* _Work request_:
Once the line containing "this 1932×1932 image." is found in the data below, repeat it and every later line exactly, leaving the pictures out.

* _Data for this task_:
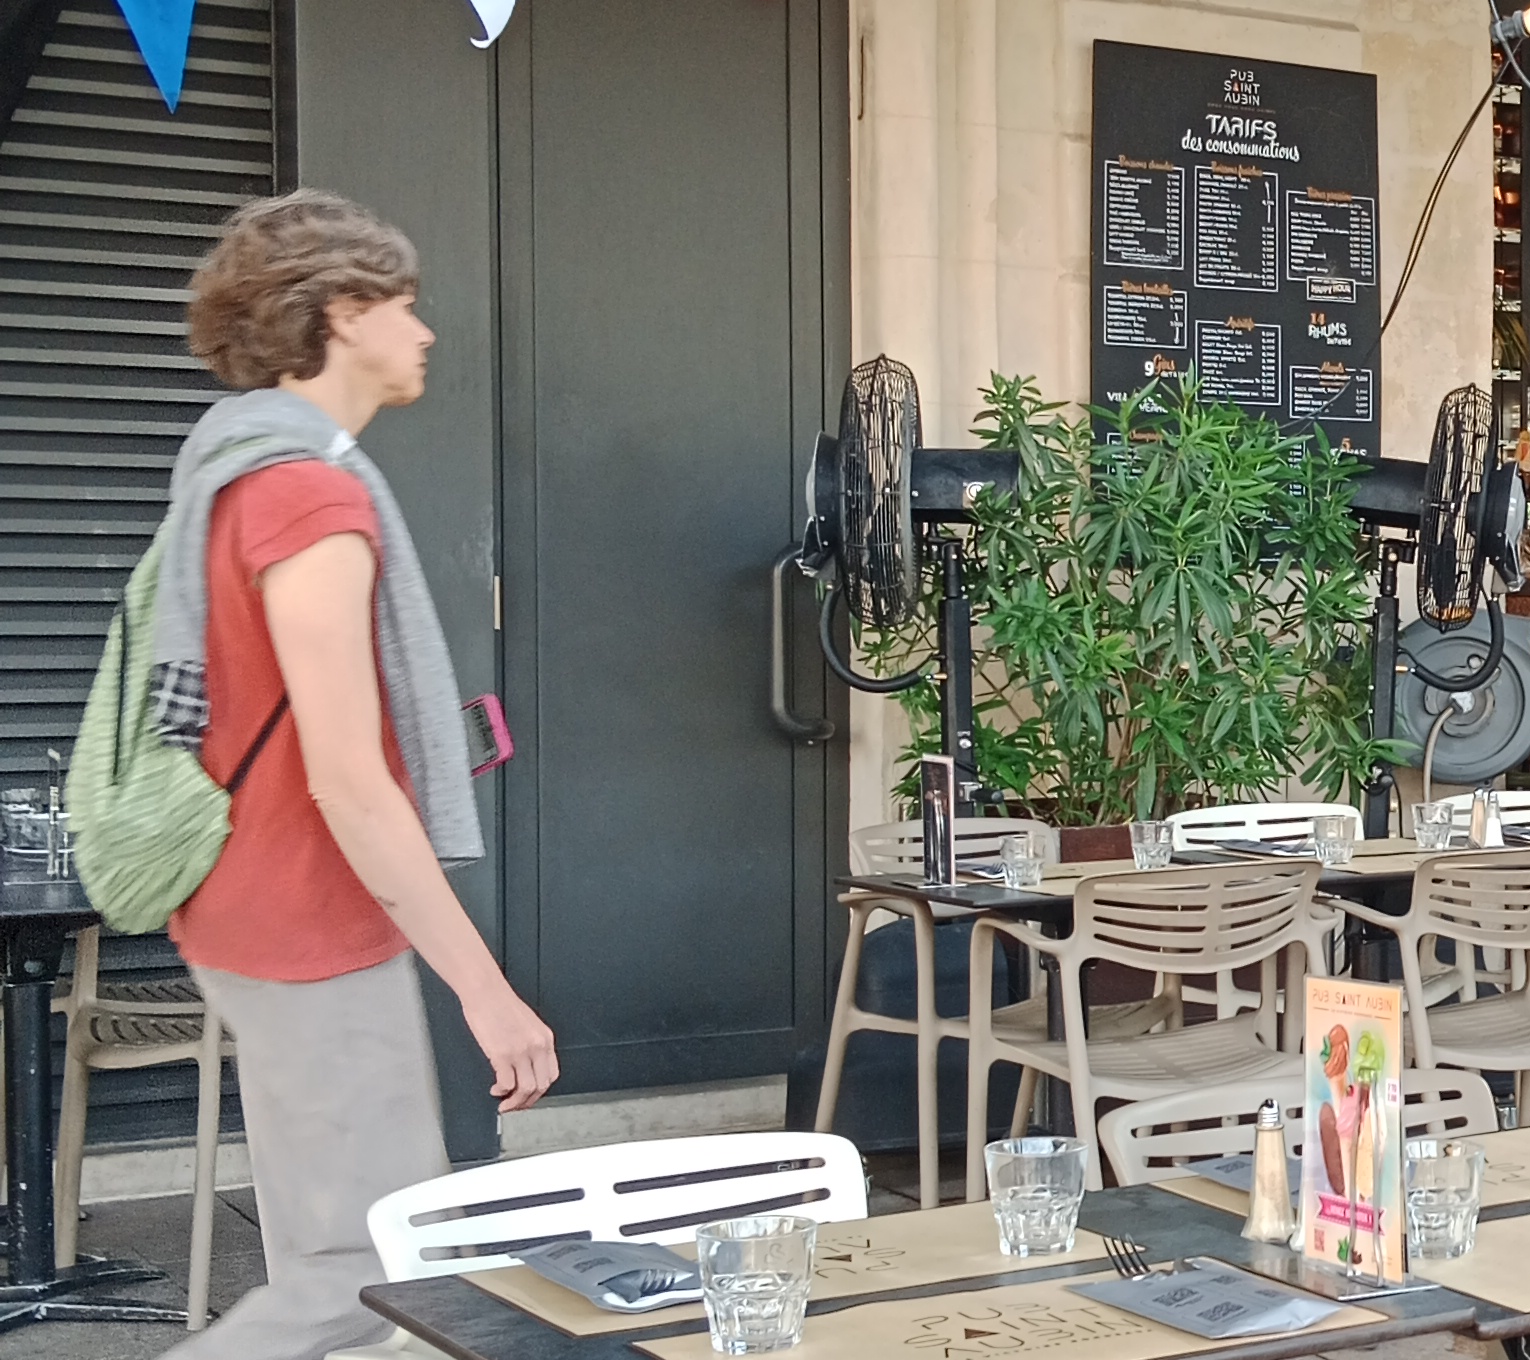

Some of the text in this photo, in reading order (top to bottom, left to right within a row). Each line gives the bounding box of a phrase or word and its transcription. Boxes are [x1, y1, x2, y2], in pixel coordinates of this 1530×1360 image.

[1230, 69, 1254, 82] PUB
[1224, 80, 1260, 94] SAINT
[1224, 93, 1260, 106] AUBIN
[1205, 114, 1278, 141] TARIFS
[1181, 128, 1300, 162] des consommations
[1308, 322, 1347, 338] RHUMS
[1144, 360, 1154, 377] 9
[1313, 988, 1393, 1012] PUB SAINT AUBIN
[911, 1302, 1051, 1331] PUB
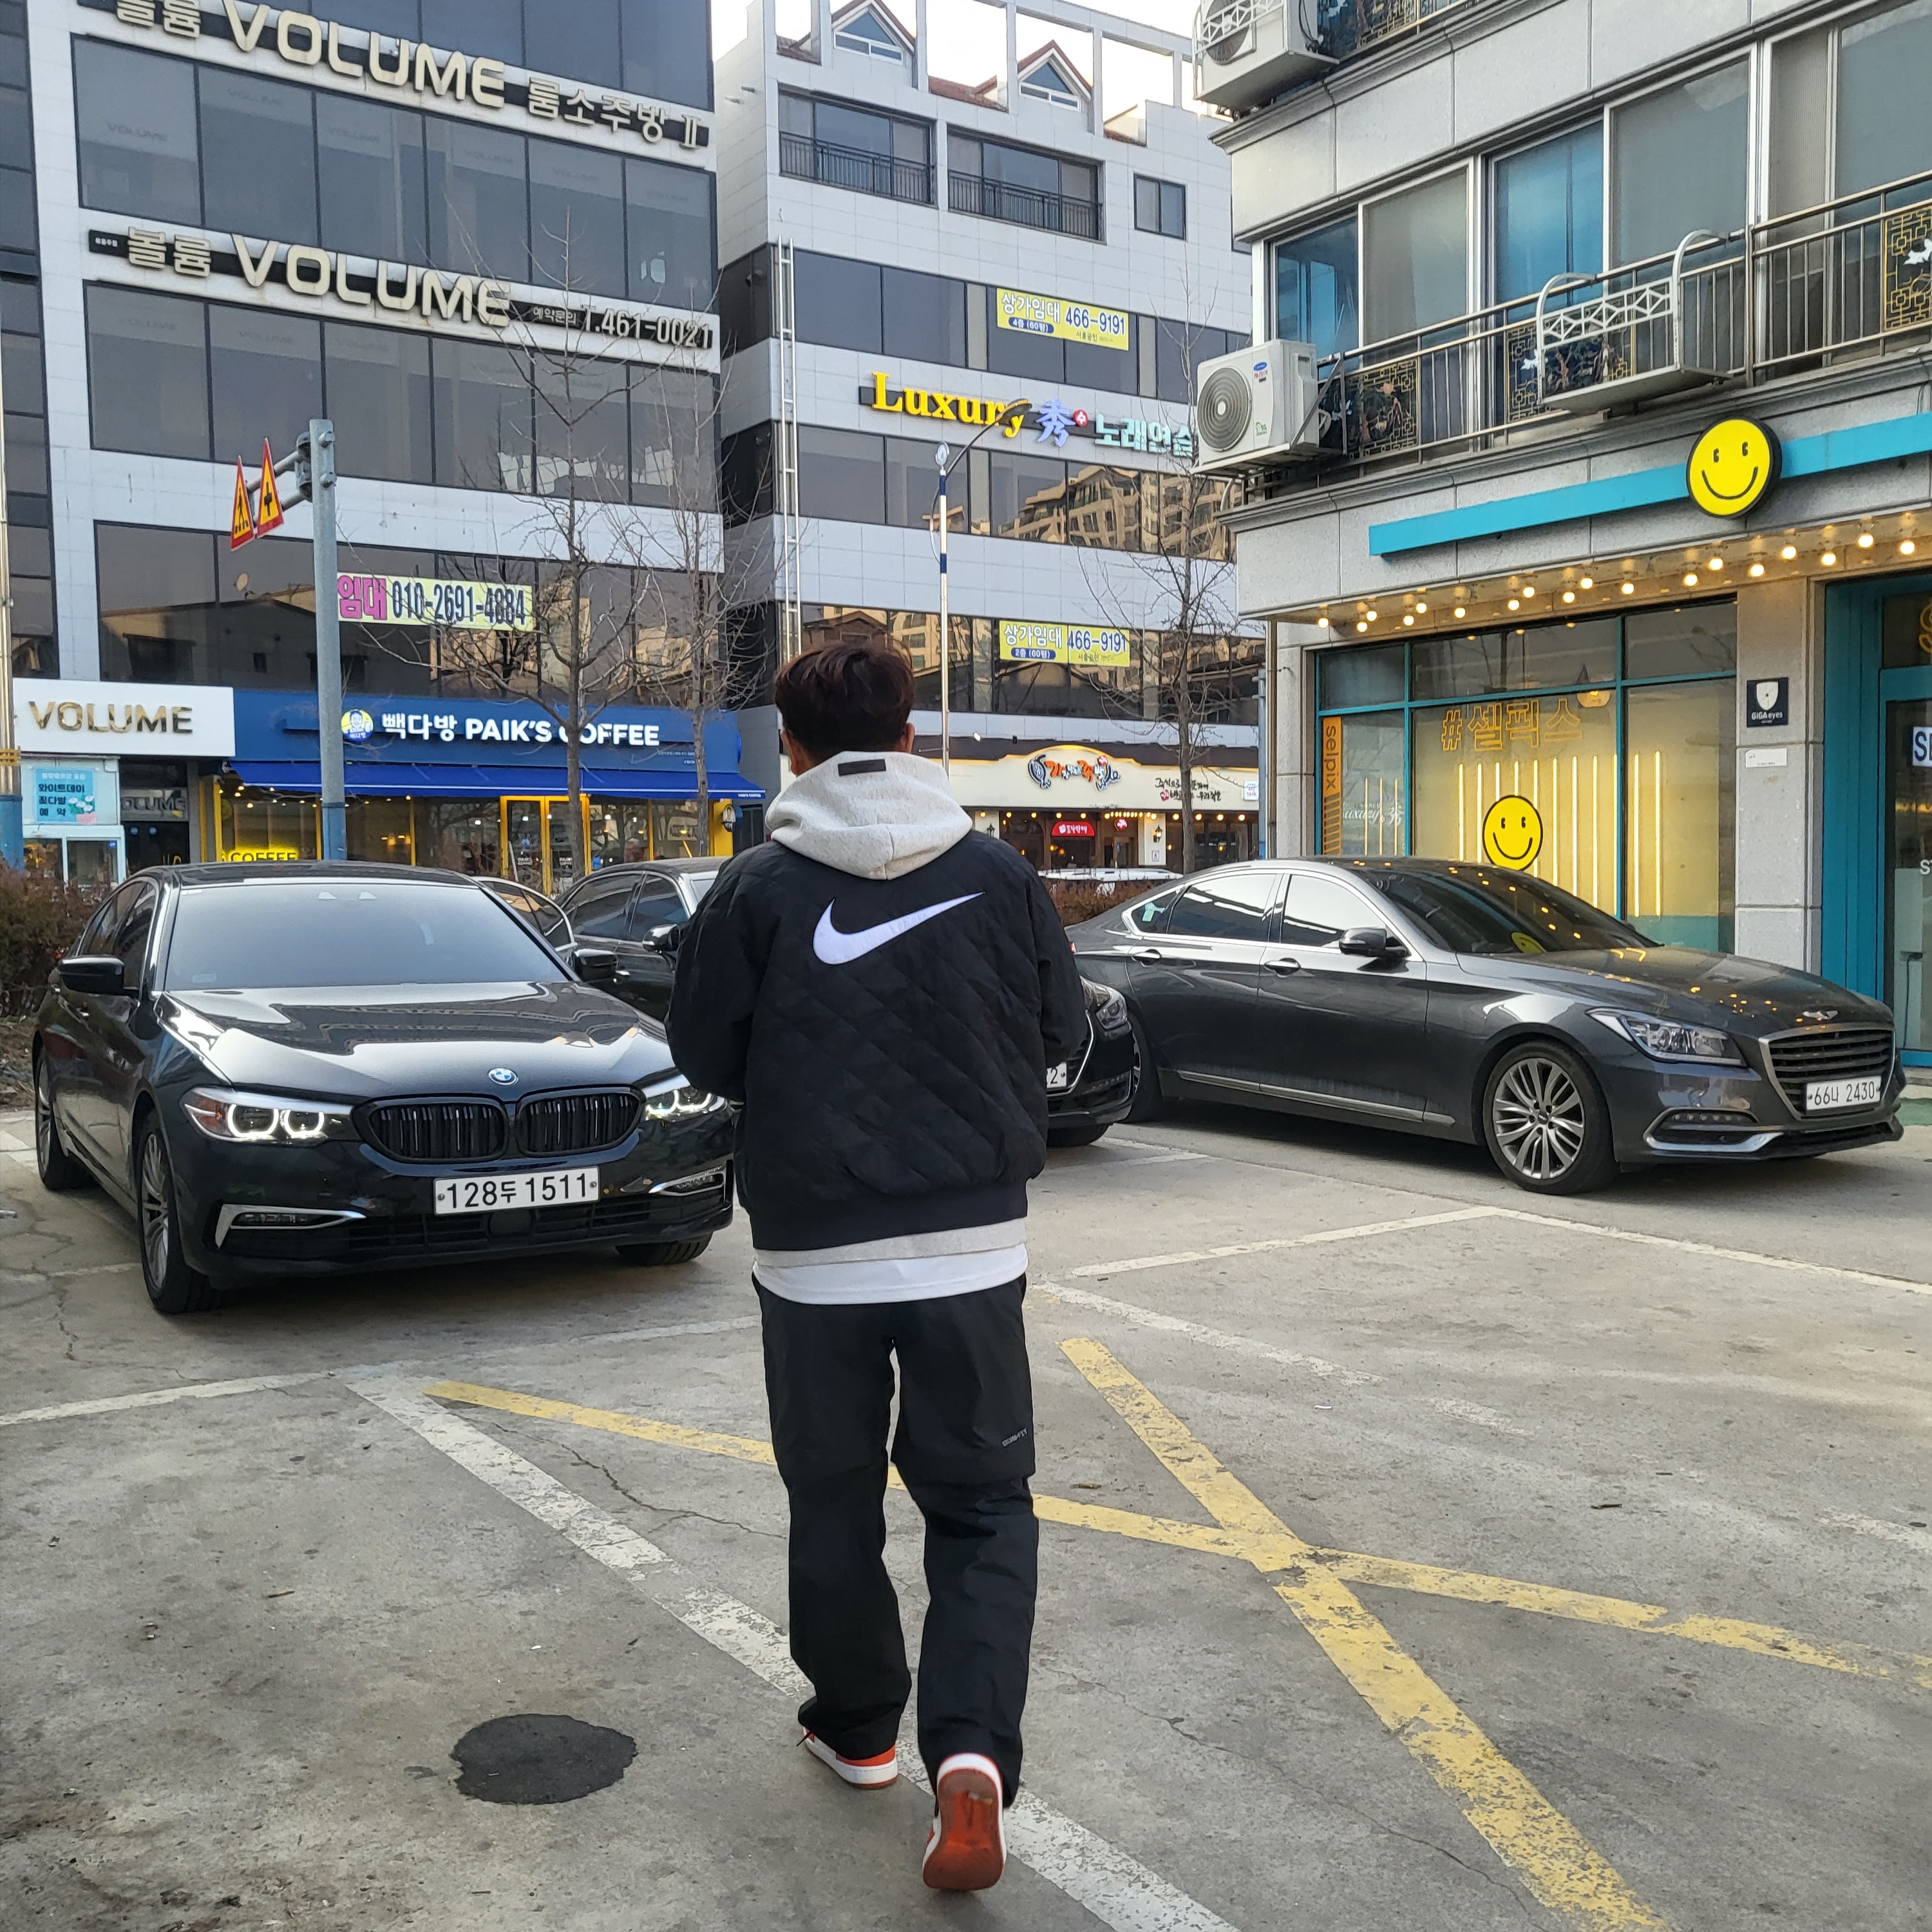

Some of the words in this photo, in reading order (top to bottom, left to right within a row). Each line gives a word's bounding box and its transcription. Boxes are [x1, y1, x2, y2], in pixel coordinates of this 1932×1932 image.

[222, 0, 505, 108] VOLUME
[528, 77, 668, 143] 룸소주방
[128, 226, 211, 278] 볼륨
[231, 233, 511, 327] VOLUME
[532, 306, 577, 325] 예약문의
[1001, 292, 1061, 324] 상가임대
[1065, 305, 1125, 336] 466-9191
[872, 371, 1026, 439] Luxury
[1036, 398, 1076, 448] 秀
[337, 575, 388, 621] 임대
[392, 580, 527, 626] 010-2691-4884
[1004, 624, 1063, 649] 상가임대
[1066, 629, 1126, 652] 466-9191
[28, 701, 193, 734] VOLUME
[381, 713, 458, 742] 빽다방
[465, 717, 553, 742] PAIK'S
[558, 723, 659, 746] COFFEE
[1441, 698, 1582, 752] #셀픽스
[1324, 725, 1340, 791] selpix
[1920, 858, 1932, 875] S
[1046, 1068, 1058, 1085] 2
[1846, 1081, 1875, 1103] 2430
[447, 1180, 517, 1209] 128두
[525, 1173, 586, 1202] 1511
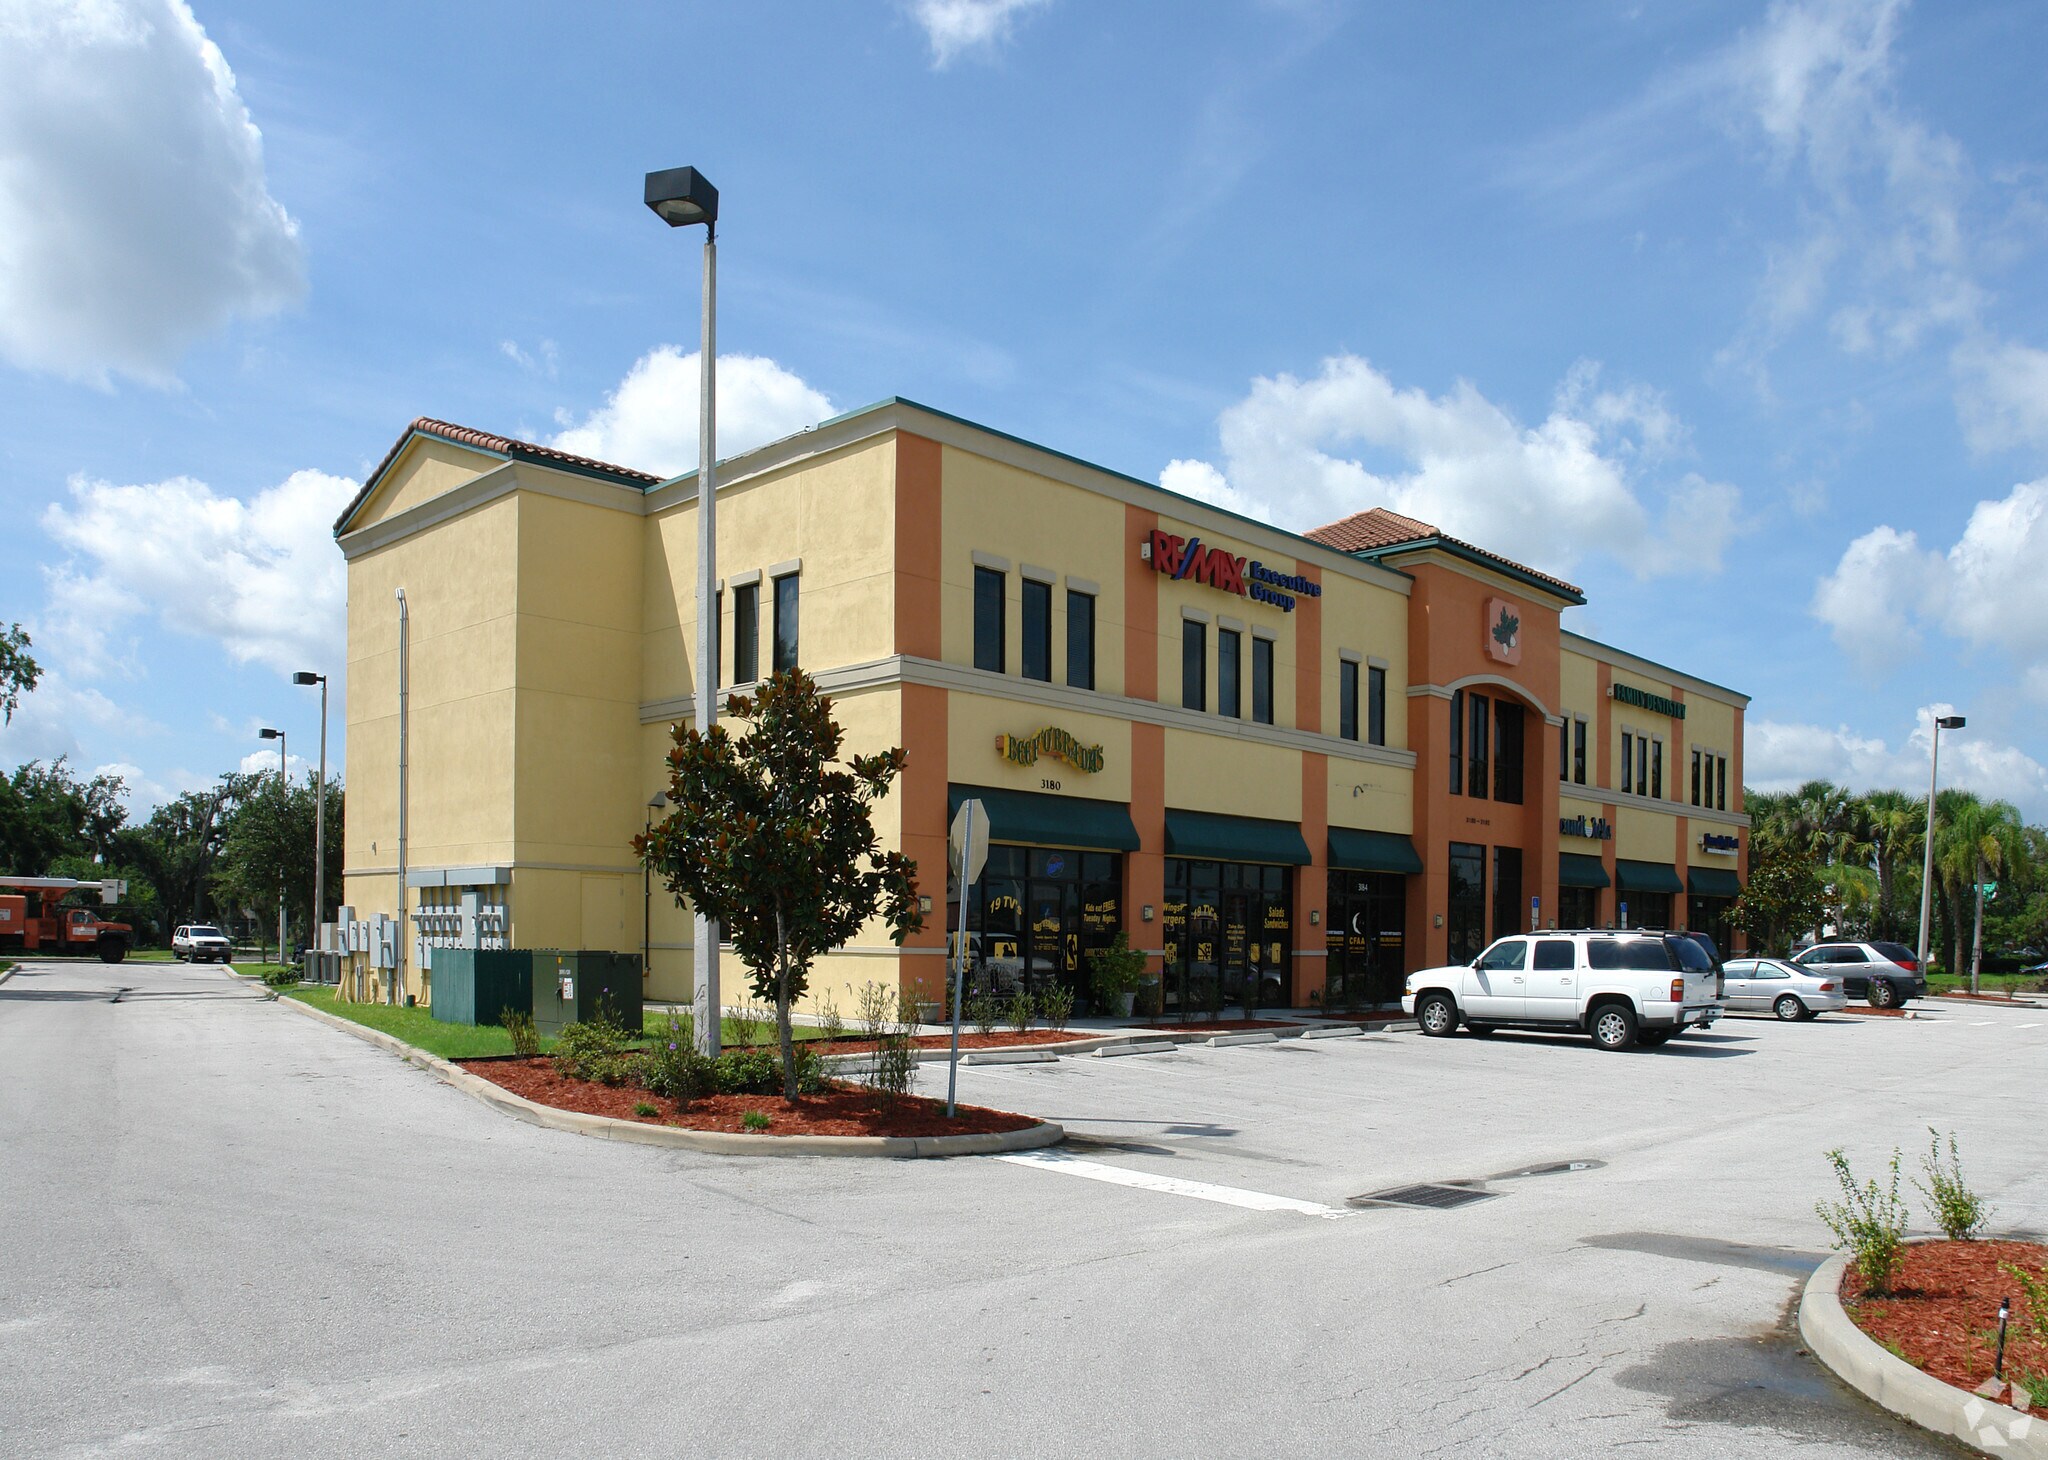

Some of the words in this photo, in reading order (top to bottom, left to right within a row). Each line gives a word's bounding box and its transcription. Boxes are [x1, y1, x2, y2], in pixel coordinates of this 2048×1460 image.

* _Answer box_:
Some of the words in this photo, in reading order (top to bottom, left to right within a row). Each line gives a word's bounding box and its transcription. Boxes are [x1, y1, x2, y2], in pixel coordinates of this 1932×1932 image.

[222, 0, 505, 108] VOLUME
[528, 77, 668, 143] 룸소주방
[128, 226, 211, 278] 볼륨
[231, 233, 511, 327] VOLUME
[532, 306, 577, 325] 예약문의
[1001, 292, 1061, 324] 상가임대
[1065, 305, 1125, 336] 466-9191
[872, 371, 1026, 439] Luxury
[1036, 398, 1076, 448] 秀
[337, 575, 388, 621] 임대
[392, 580, 527, 626] 010-2691-4884
[1004, 624, 1063, 649] 상가임대
[1066, 629, 1126, 652] 466-9191
[28, 701, 193, 734] VOLUME
[381, 713, 458, 742] 빽다방
[465, 717, 553, 742] PAIK'S
[558, 723, 659, 746] COFFEE
[1441, 698, 1582, 752] #셀픽스
[1324, 725, 1340, 791] selpix
[1920, 858, 1932, 875] S
[1046, 1068, 1058, 1085] 2
[1846, 1081, 1875, 1103] 2430
[447, 1180, 517, 1209] 128두
[525, 1173, 586, 1202] 1511

Some of the words in this photo, in reading order (top to bottom, left to right within a row). Each line gives a word's bounding box and its transcription. Boxes are [x1, y1, x2, y2], in pixel coordinates of this 2048×1460 image.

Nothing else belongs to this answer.